Jeudi, c’est euthanasie

Désolé de plomber l’ambiance, mais si je veux aborder ce sujet délicat, c’est le jour ou jamais. Demain, il sera trop tard, en tout cas sur le plan législatif, puisque l’Assemblée nationale ne dispose que jusqu’à ce soir minuit pour débattre de la proposition de loi émanant du député Olivier Falorni au nom du groupe de centre gauche « Liberté et territoires ». L’examen du texte sur le « droit à une fin de vie libre et choisie » va en effet être entravé par celui des presque 3000 amendements déposés par le groupe « les Républicains ».

Cette obstruction est justifiée par le groupe d’opposition au motif que le sujet est trop important pour être traité en quelques heures.

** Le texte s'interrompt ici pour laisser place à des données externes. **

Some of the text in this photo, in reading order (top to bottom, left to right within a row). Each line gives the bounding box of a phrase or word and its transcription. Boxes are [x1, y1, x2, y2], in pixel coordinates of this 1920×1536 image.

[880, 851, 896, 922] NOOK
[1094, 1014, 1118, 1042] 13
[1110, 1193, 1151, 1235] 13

Le gouvernement aurait pu, s’il l’avait souhaité, reprendre à son compte le projet et lui donner un espace de discussion conséquent dans le calendrier parlementaire, dont il est le maître. Il s’en est bien gardé, tant la question est sensible et divise l’opinion. Il laisse l’opposition se déchirer dans l’infime créneau de la niche parlementaire qui lui est généreusement alloué. Il laisse entendre qu’il n’est pas hostile au principe même, tout en ne se donnant pas les moyens d’aborder sérieusement une question de société importante. Les lois actuelles, dues pour l’essentiel au député Jean Léonetti, sont notoirement insuffisantes et sont régulièrement contournées comme autrefois pour l’IVG, par ceux qui ont les moyens de se payer une ultime liberté en se rendant en Suisse ou en Belgique, où le suicide assisté est légal.

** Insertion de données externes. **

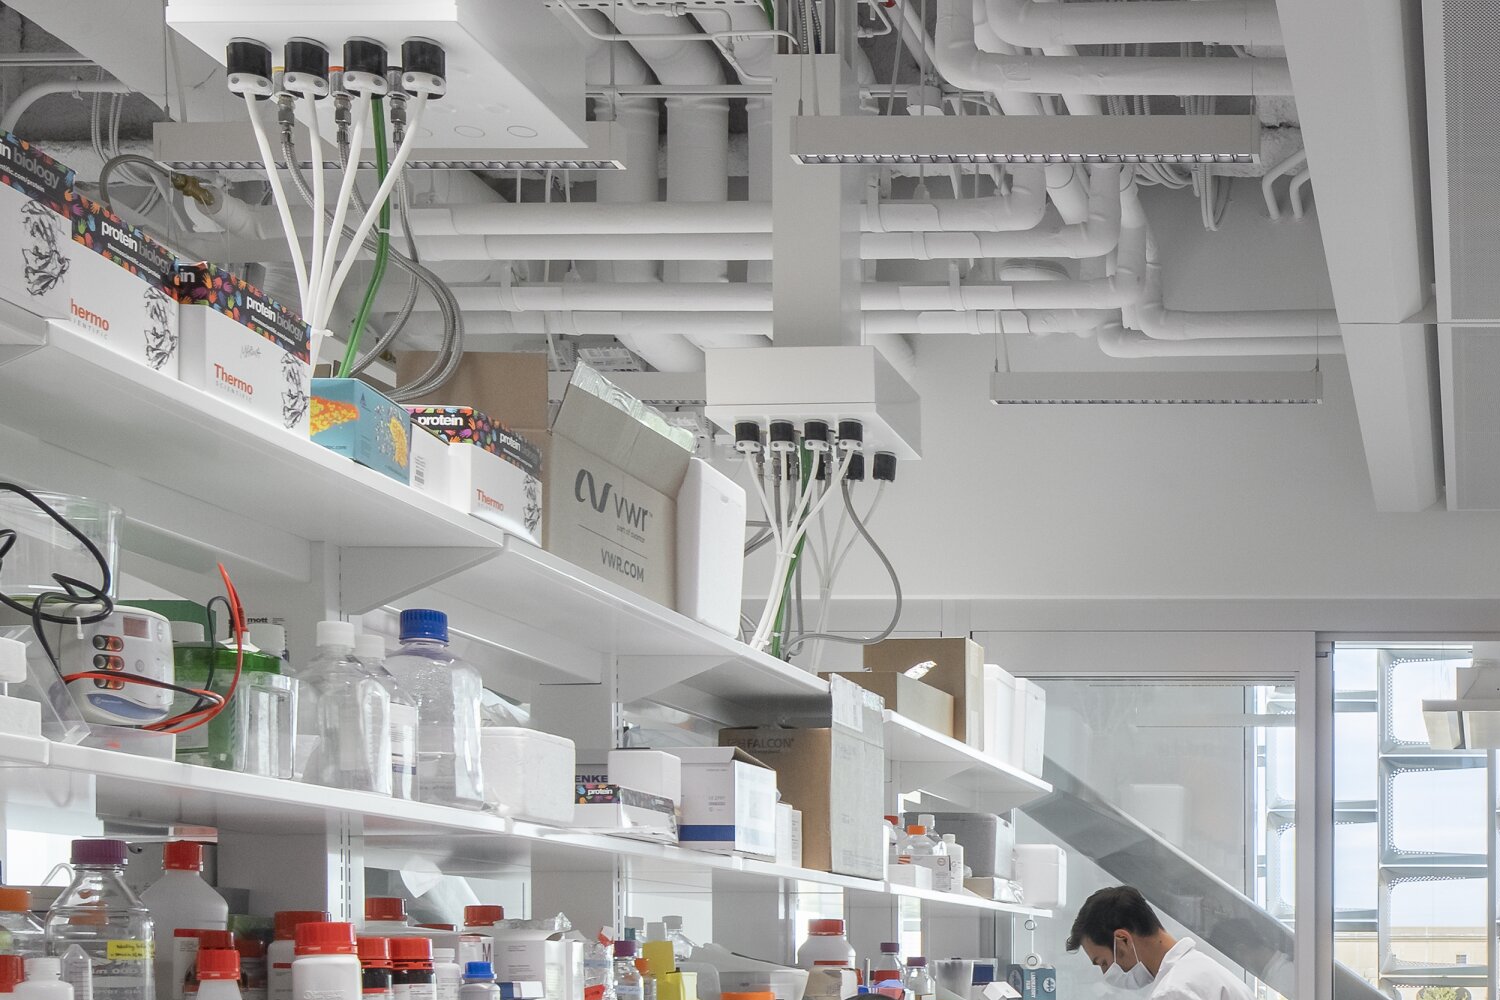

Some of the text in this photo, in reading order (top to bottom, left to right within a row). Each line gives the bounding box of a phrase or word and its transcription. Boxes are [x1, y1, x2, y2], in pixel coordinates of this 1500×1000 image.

[13, 149, 60, 190] biology
[101, 220, 171, 274] protein biology
[70, 297, 110, 331] hermo
[246, 295, 304, 341] protein biology
[214, 363, 254, 395] Thermo
[417, 413, 464, 427] protein
[500, 432, 521, 452] protein
[476, 489, 504, 512] Thermo
[601, 548, 645, 583] VWR.COM
[748, 739, 792, 749] FALCON
[587, 788, 614, 797] protein

Sur le fond, les adversaires du droit nouveau réclamé par de nombreuses personnes sensibilisées à la question en général par des exemples personnels jouent sur l’ambiguïté du mot euthanasie. Étymologiquement, cette « mort heureuse » n’est pas liée à une volonté de la personne concernée, et c’est pourtant ce qui change tout. On fera euthanasier un animal de compagnie pour lui épargner des souffrances insupportables, mais sans lui demander son avis. Des intellectuels comme Houellebecq vont même jusqu’à caricaturer le geste de compassion que peut-être un suicide assisté en invoquant l’eugénisme nazi ou la dictature de la rentabilité économique pour éliminer les vieux, les « anormaux » les faibles, les handicapés, etc. Si l’on considère l’aspect pénal, le suicide en lui-même n’est pas un crime ni même un délit. Cependant, l’aide apportée à quelqu’un pour qu’il mette fin à ses jours tombe sous le coup de la loi, y compris s’il s’agit seulement de lui donner des informations, ou à plus forte raison des moyens de parvenir à ses fins. Le texte proposé, après de nombreux autres précédents, aurait permis de résoudre partiellement cette contradiction. Il devrait évidemment être accompagné de précautions pour s’assurer de la volonté éclairée de la personne concernée.